Зорбас на минуту умолк и задумчиво почесал себе голову.
– Разве что, – произнес он наконец, – разве что…
– Что же? Ну-ка, послушаем!
– Разве что, когда они откроют глаза, ты сможешь показать им какой-нибудь лучший мир… Сможешь?
Я не знал. Я знал хорошо, чту будет разрушено, но чту будет построено на месте разрушенного, не знал. «Никто не может знать этого наверняка, – думалось мне. – Старое можно пощупать, оно осязаемо, мы им живем, ежеминутно борясь с ним, оно существует. Будущее еще не рождено, неосязаемо, текуче, сотворено из той же материи, что и сны. Оно – облако: стоит подуть сильному ветру – любви, фантазии, случаю, Богу, – и оно тут же рассеивается, сгущается, меняет свой вид… Только самый великий из пророков может бросить людям призыв, и чем неопределеннее этот призыв, тем больше он пророк.

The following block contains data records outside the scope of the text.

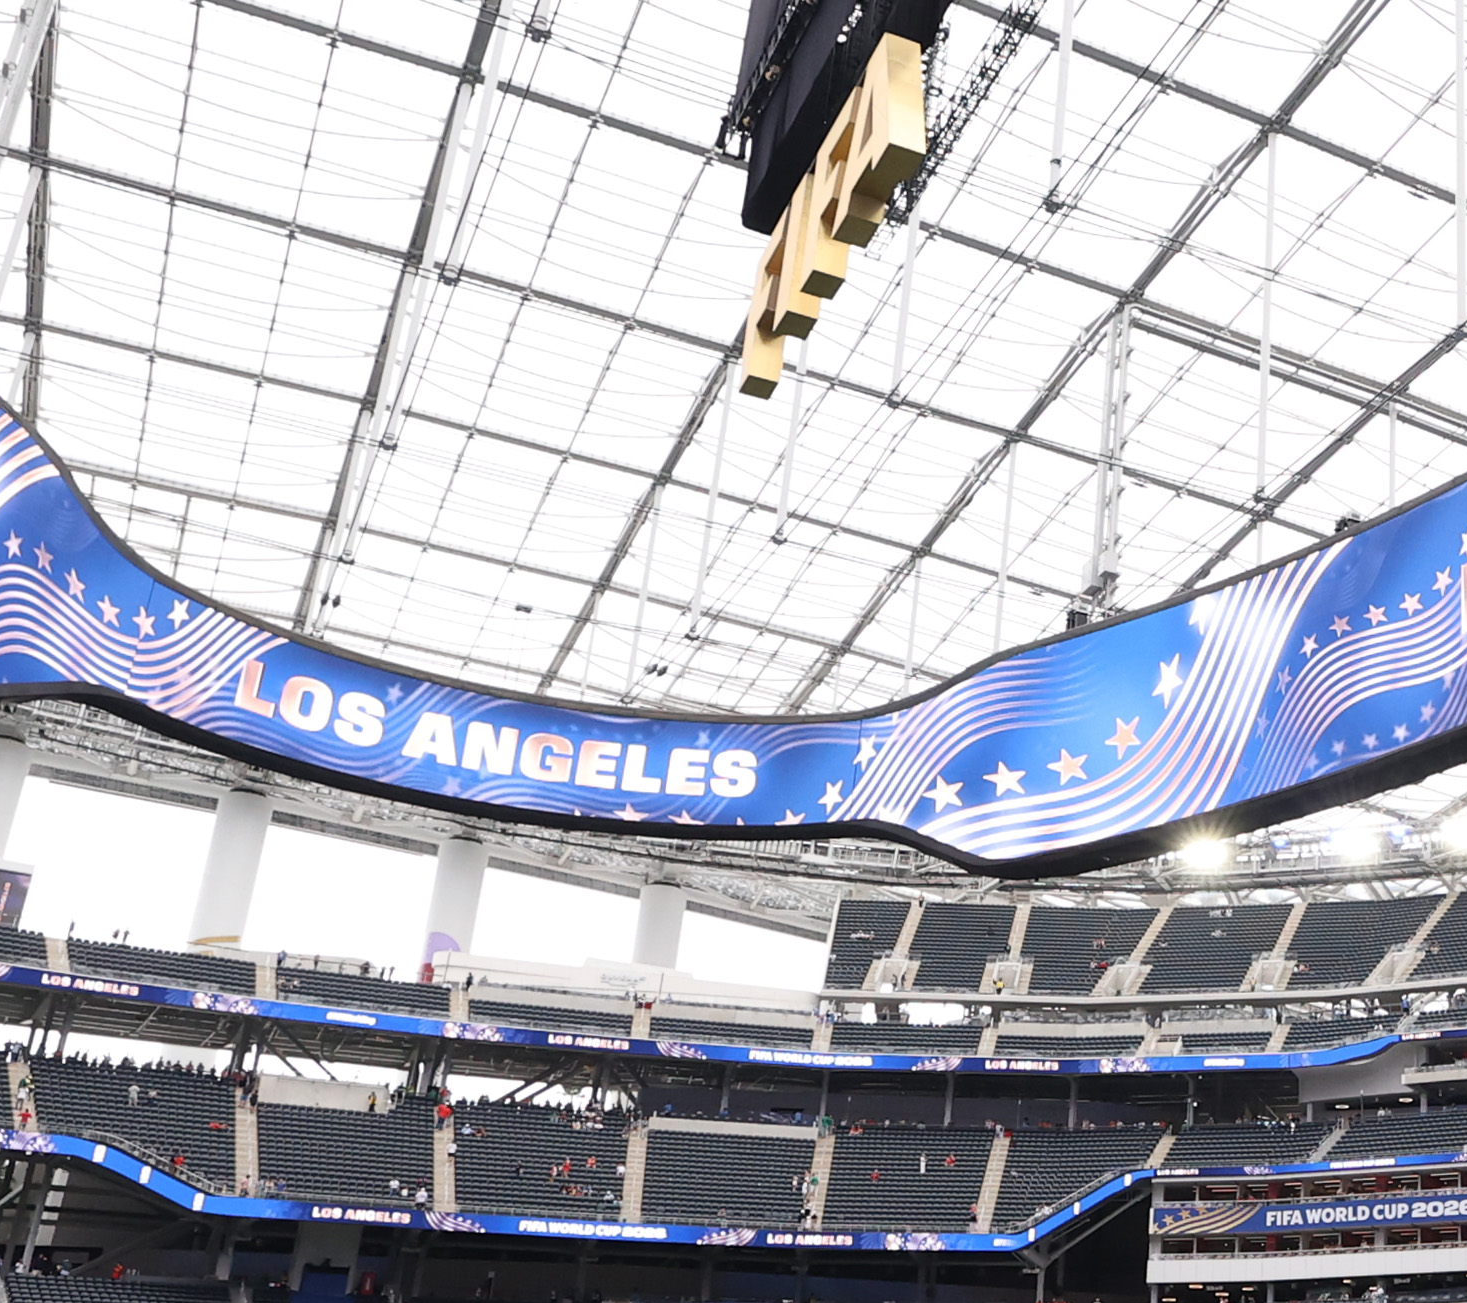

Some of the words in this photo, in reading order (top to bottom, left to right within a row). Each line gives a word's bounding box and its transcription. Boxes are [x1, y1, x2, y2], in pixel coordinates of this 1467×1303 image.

[231, 657, 385, 747] LOS
[402, 711, 758, 800] ANGELES
[40, 974, 72, 988] LOS
[72, 978, 140, 997] ANGELES
[574, 1036, 630, 1051] ANGELES
[1008, 1060, 1059, 1071] ANGELES
[311, 1206, 343, 1220] LOS
[343, 1208, 411, 1224] ANGELES
[1266, 1209, 1304, 1227] FIFA
[1305, 1205, 1371, 1224] WORLD
[1372, 1202, 1410, 1221] CUP
[518, 1220, 549, 1233] FIFA
[547, 1222, 596, 1236] WORLD
[594, 1224, 624, 1237] CUP
[794, 1234, 853, 1246] ANGELES

Зорбас насмешливо смотрел на меня. Я разозлился и упрямо сказал:
– Смогу.
– Сможешь? Ну-ка, послушаем!
– Тебе я сказать не могу: ты не поймешь.
– Ну, тогда не сможешь! – сказал Зорбас, тряхнув головой. – Не думай, что я белены объелся, хозяин. Тебя обманули. Я хоть и необразованный, как дядюшка Анагностис, но не настолько глуп, нет! Если я не пойму, неужто поймет этот простофиля и госпожа корова, его сожительница, а вместе с ними – все Анагностисы и все Анезины во всем мире? Стало быть, они только новый мрак и увидят? Оставь уж лучше их при старом, к которому они привычны. До сих пор все у них гладко получается, разве ты не видишь? Знай себе поживают да добра наживают, плодятся, внуков на свет производят, Бог их делает хромыми да кривыми, а они знай вопят: «Слава тебе, Боже!» К собственному ничтожеству они хорошо приспособились. Оставь их лучше и молчи.
Я молчал. Мы проходили мимо сада вдовы. Зорбас задержался было, вздохнул, но не сказал ни слова. Где-то далеко прошел дождь, и в воздухе запахло свежестью и землей. Показались первые звезды. Нежно засиял молодой бледно-зеленый месяц. Небо наполнилось негою.
«Этот человек никогда не ходил в школу, поэтому и разум у него не испортился, – подумал я. – Он много чего повидал, сделал и перенес, стал мыслить широко и стал чувствовать широко, не утратив при этом первозданной добродетели. Все сложные и неразрешимые для нас вопросы он решает одним ударом меча, как и подобает земляку Александра Великого. Упасть ему трудно, потому что он целиком – и ногами, и головой – опирается о землю. Африканские дикари почитают змею, которая всем телом льнет к земле и потому ведает тайны ее. Тайны эти она чувствует и животом, и хвостом, и половыми органами, и головой. Она прикасается, принюхивается, становится одним целым с матерью. Так и Зорбас. А мы, мудрствующие, – глупые пташки воздушные».
Звезд на небе становилось все больше, и были они дикие, неприступные, суровые, чуждые какой бы то ни было жалости к людям.
Мы больше не говорили, а только со страхом взирали на небо, видя, как звезды все возрастают в числе, полыхая пожаром.
Мы подошли к бараку. Есть мне не хотелось, и я присел на скале у моря. Зорбас развел огонь, направился было ко мне, но передумал, устроился на своей постели и уснул.
Море стало густым и неподвижным. И земля тоже молчала, замирая под суровым звездным сиянием. Ни собачьего лая, ни крика ночной птицы – всюду глубокая тишина. Тишина коварная, опасная, сотворенная из тысяч воплей, столь далеких или пребывающих внутри нас столь глубоко, что их перестали слышать. Было слышно только стук крови в висках и удары жил на шее.
«Мелодия тигрицы!» – подумал я с ужасом.
В Индии с наступлением ночи заводят очень медленный, печальный и монотонный напев – тихую свирепую песню, напоминающую далекое рычание хищного зверя, – мелодию тигрицы. И сердце человеческое переполняет невыразимый ужас.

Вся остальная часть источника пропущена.